First languages (2011)
- • Xhosa: 66.3%
- • Afrikaans: 4.3%
- • English: 3.8%
- • Sotho: 2.4%
- • Other: 23.2%
- Time zone: UTC+2 (SAST)
- Postal code (street): 6665

= Joe Slovo Park =

Suburb of Cape Town, in Western Cape, South Africa

Joe Slovo Park is a township located between Milnerton and Montague Gardens near Cape Town, South Africa.

==History==
Joe Slovo Park is a small township which was designed to replace the shack settlement of Marconi Beam with an orderly working-class suburb. However it is now barely distinguishable from the informal settlement it was meant to replace.

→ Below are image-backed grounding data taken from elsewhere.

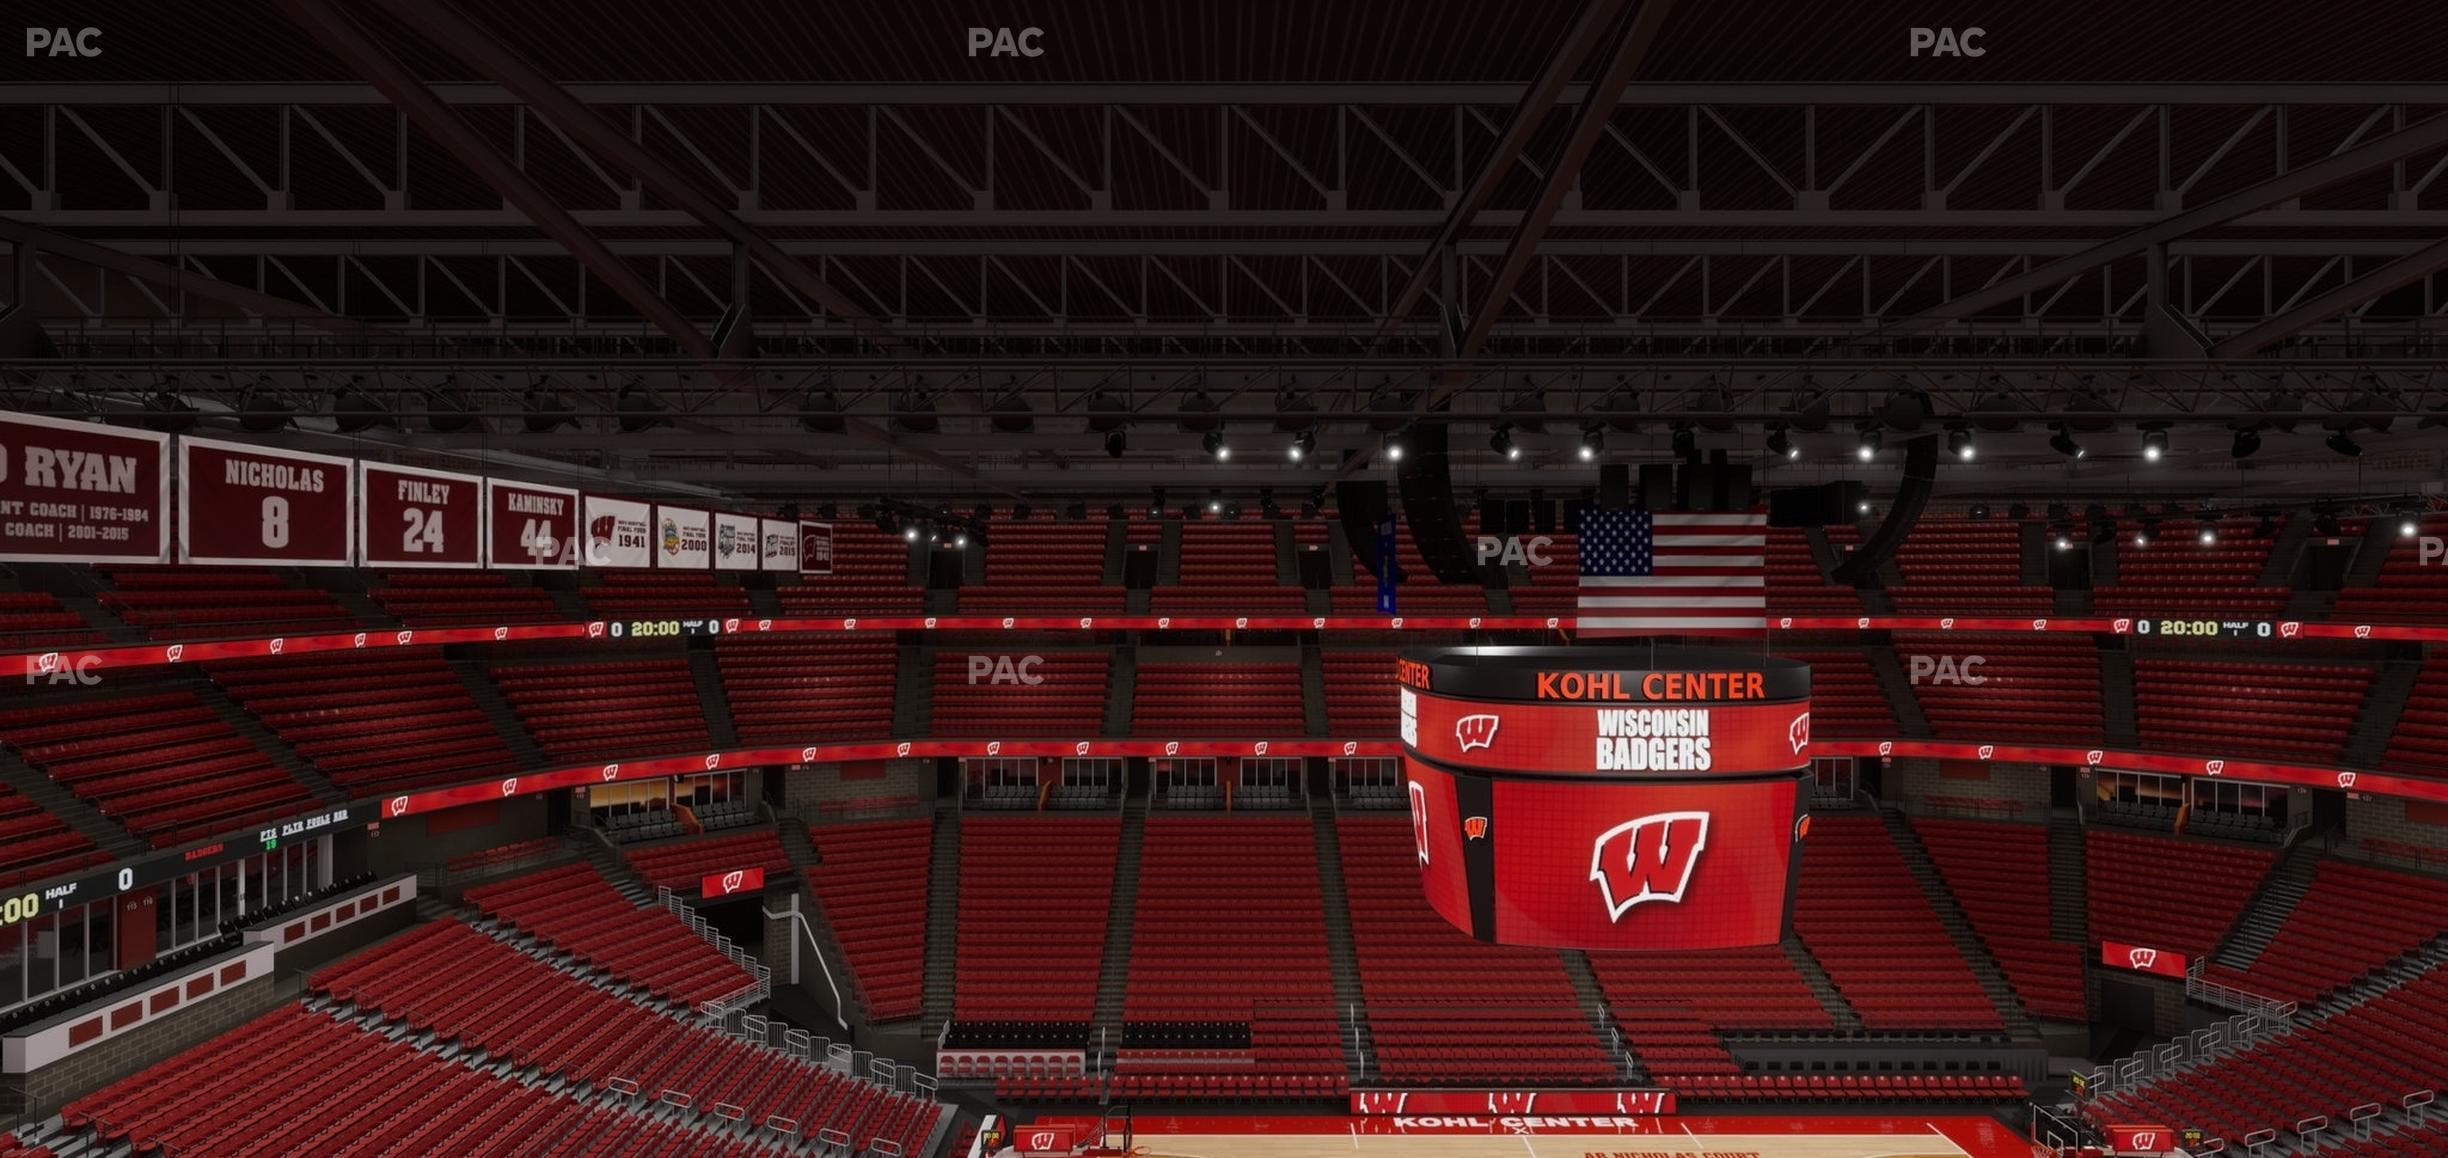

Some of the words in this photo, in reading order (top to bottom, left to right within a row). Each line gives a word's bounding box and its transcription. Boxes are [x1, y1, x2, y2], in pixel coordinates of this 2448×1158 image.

[24, 446, 137, 494] RYAN
[225, 459, 325, 493] NICHOLAS
[397, 479, 451, 505] FINLEY
[30, 502, 77, 519] COACH
[90, 506, 149, 522] 1976-1984
[508, 492, 564, 516] KAMINSKY
[5, 522, 55, 539] COACH
[68, 524, 129, 542] 2001-2015
[261, 495, 289, 549] 8
[402, 507, 445, 553] 24
[520, 518, 552, 558] 44
[618, 534, 646, 548] 1941
[681, 539, 707, 551] 2000
[736, 542, 756, 555] 2014
[611, 621, 623, 637] 0
[631, 620, 680, 637] 20:00
[682, 620, 703, 629] HALF
[708, 619, 720, 635] 0
[2137, 619, 2150, 634] 0
[2160, 620, 2218, 636] 20:00
[2222, 621, 2249, 629] HALF
[2257, 622, 2271, 637] 0
[1537, 672, 1630, 700] KOHL
[1642, 672, 1766, 700] CENTER
[1597, 709, 1710, 738] WISCONSIN
[1596, 738, 1712, 771] BADGERS
[260, 828, 278, 842] PTS
[1588, 811, 1710, 923] W
[118, 867, 134, 891] 0
[45, 882, 78, 900] HALF
[1393, 1116, 1489, 1128] KOHL
[1500, 1116, 1640, 1128] CENTER
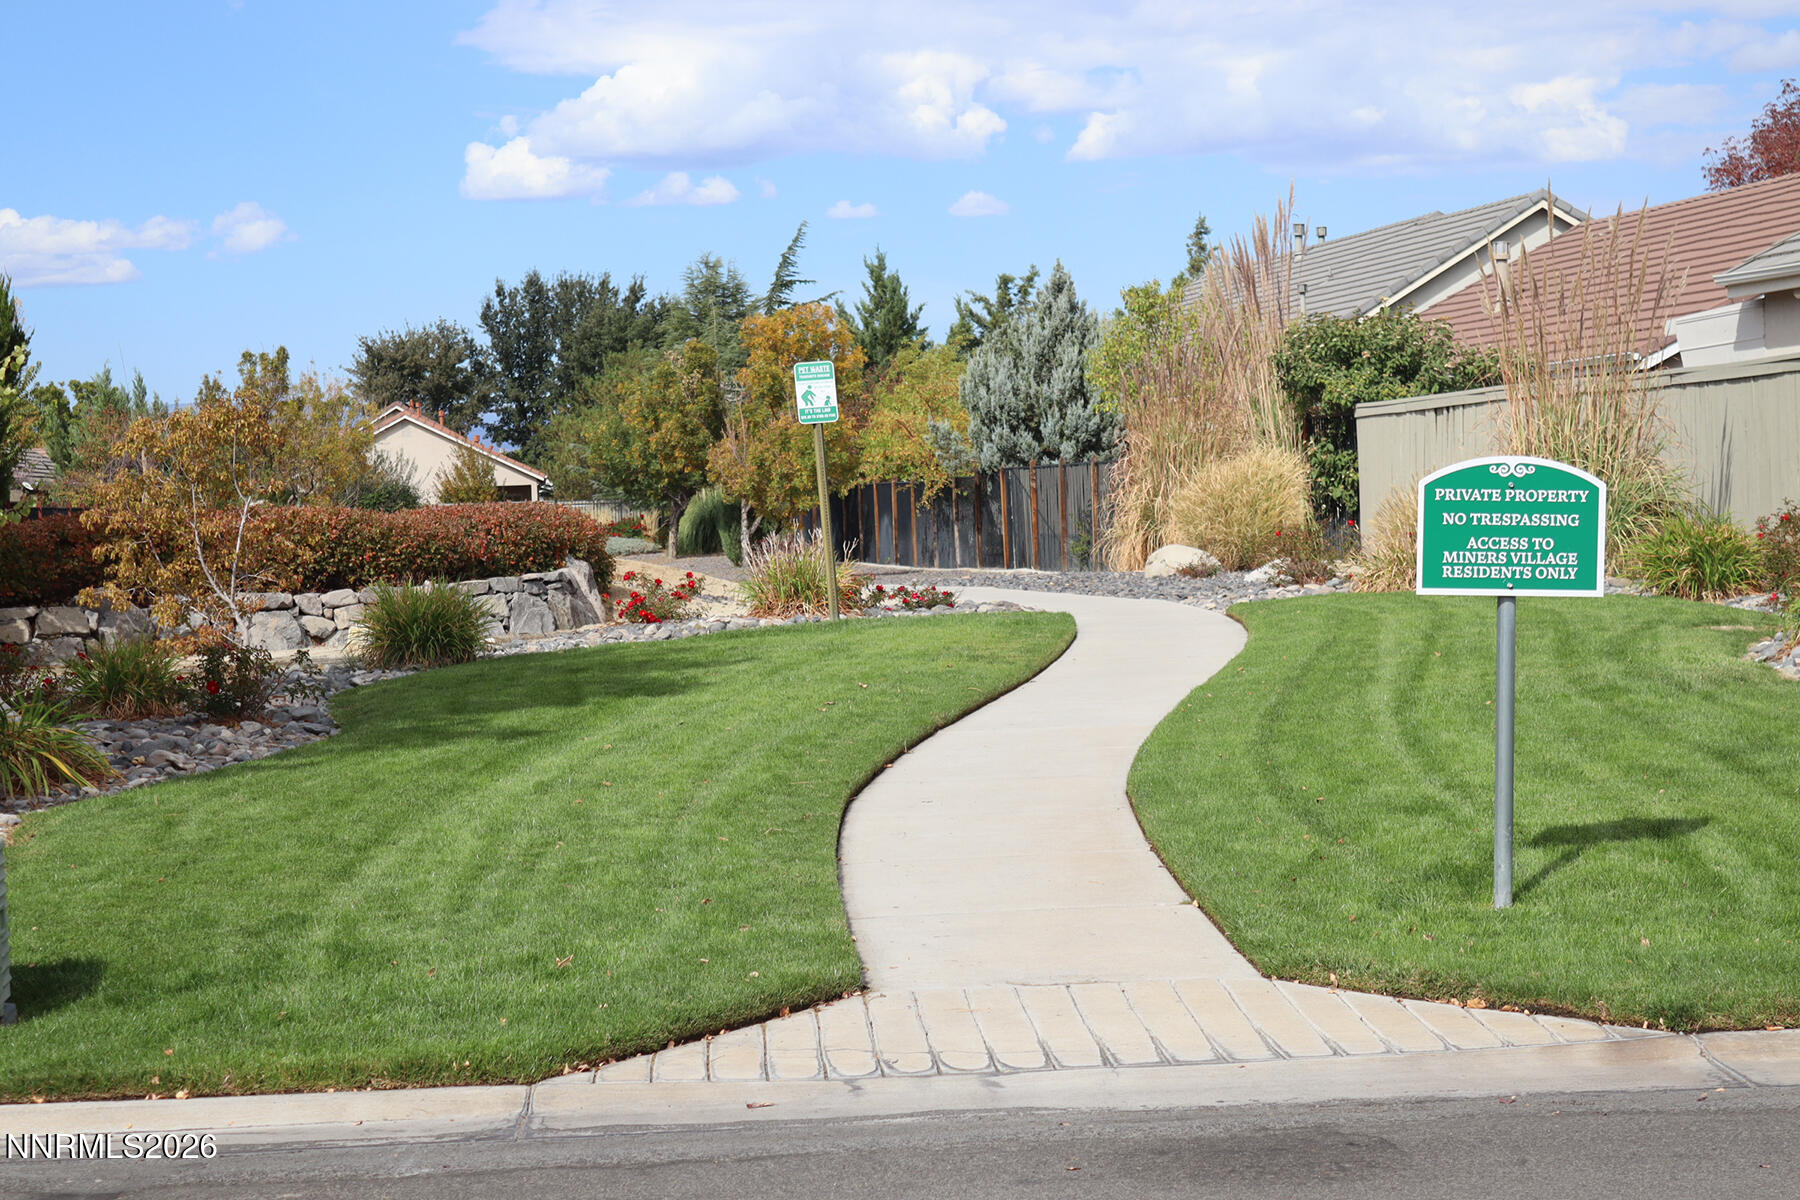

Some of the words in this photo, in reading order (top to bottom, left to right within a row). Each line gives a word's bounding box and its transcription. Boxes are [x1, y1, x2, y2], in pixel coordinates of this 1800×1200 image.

[810, 365, 831, 373] WASTE
[1434, 488, 1501, 502] PRIVATE
[1505, 489, 1589, 503] PROPERTY
[1442, 512, 1466, 526] NO
[1469, 513, 1580, 527] TRESPASSING
[1466, 537, 1528, 550] ACCESS
[1532, 537, 1554, 551] TO
[1442, 551, 1507, 564] MINERS
[1510, 552, 1578, 565] VILLAGE
[1442, 565, 1532, 579] RESIDENTS
[1535, 566, 1579, 580] ONLY
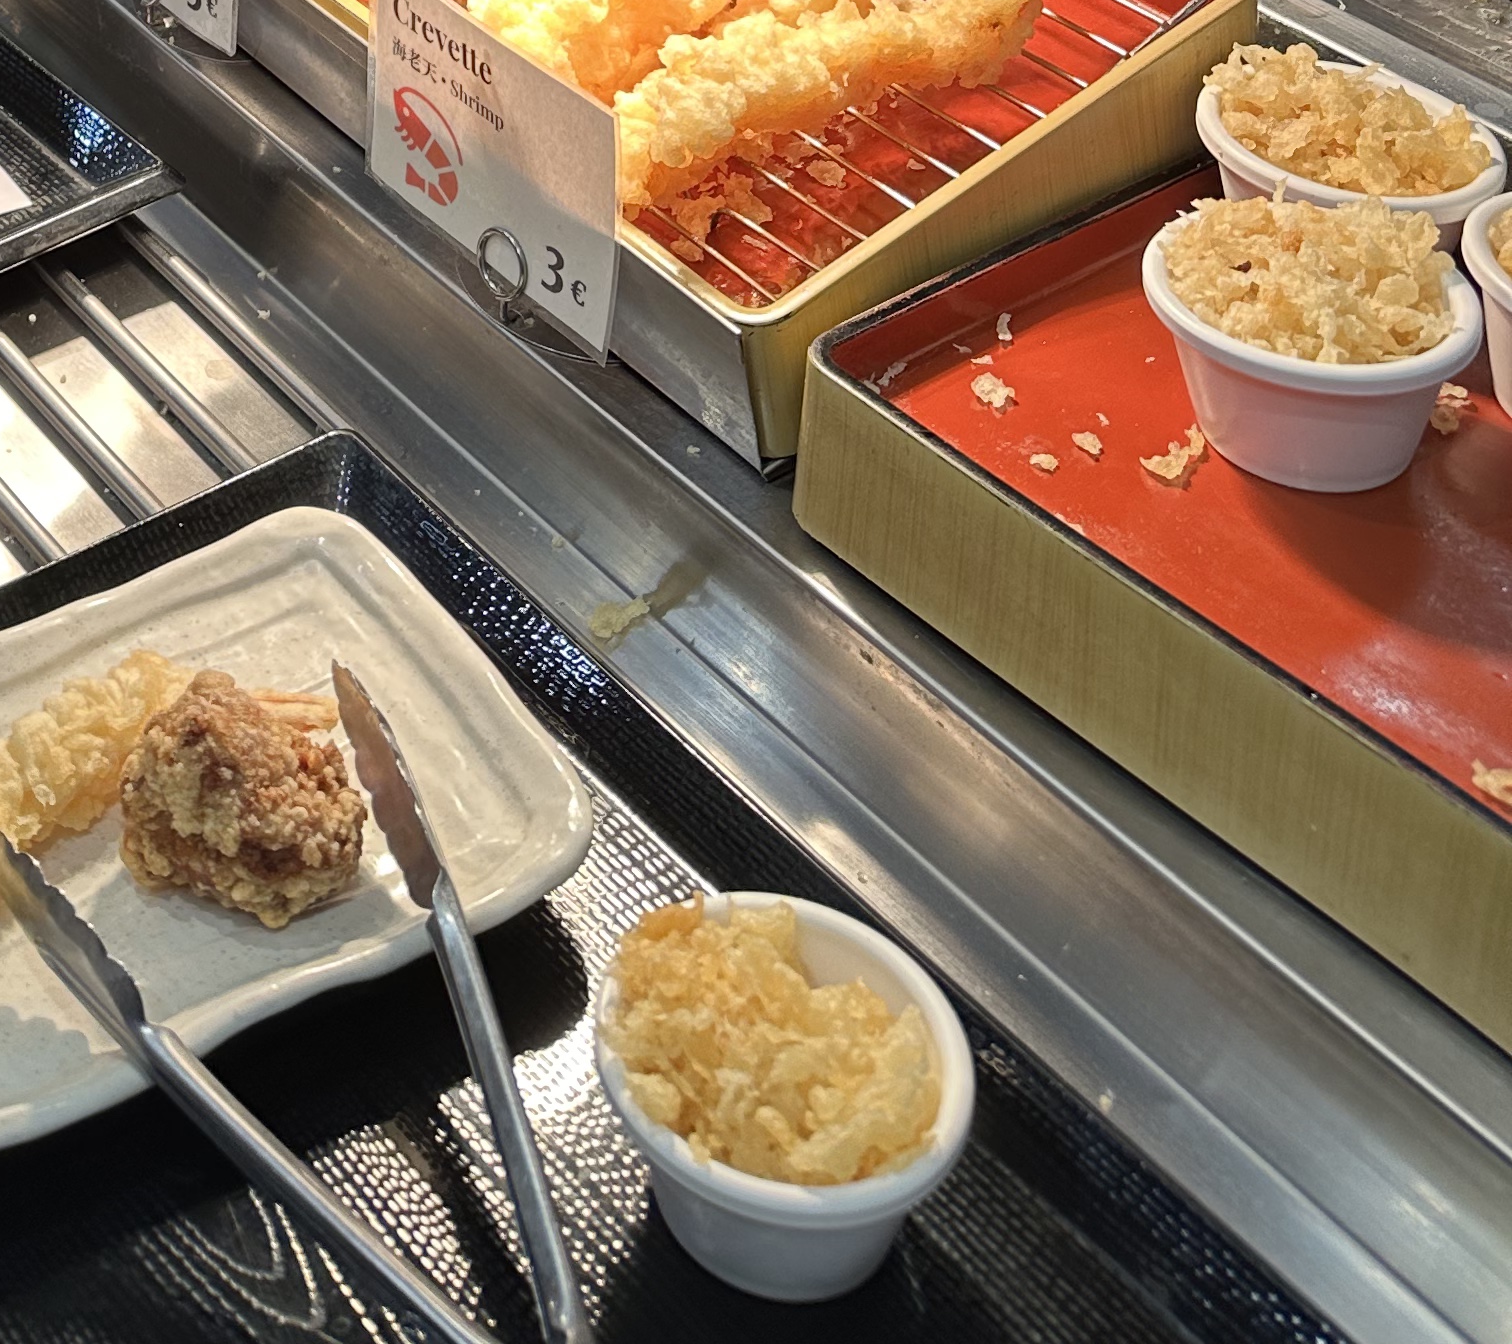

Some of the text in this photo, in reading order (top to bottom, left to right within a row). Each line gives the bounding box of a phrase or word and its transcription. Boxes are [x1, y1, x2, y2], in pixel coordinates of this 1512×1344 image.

[392, 35, 505, 132] 海老天 Shrimp

One section of Joe Slovo Park is known as Mshini Wam, named after the struggle song Umshini wami which was often sung by Jacob Zuma in the run up to his election as president. It was founded in 2006 when it was erected in an open space ringed by formal RDP (Reconstruction and Development Programme) houses. Mshini Wam was plagued by fire and flooding. A re-blocking process was started in 2012 which will provide access to emergency services.

It was named after Joe Slovo, the anti-apartheid activist and former South African Minister of Housing.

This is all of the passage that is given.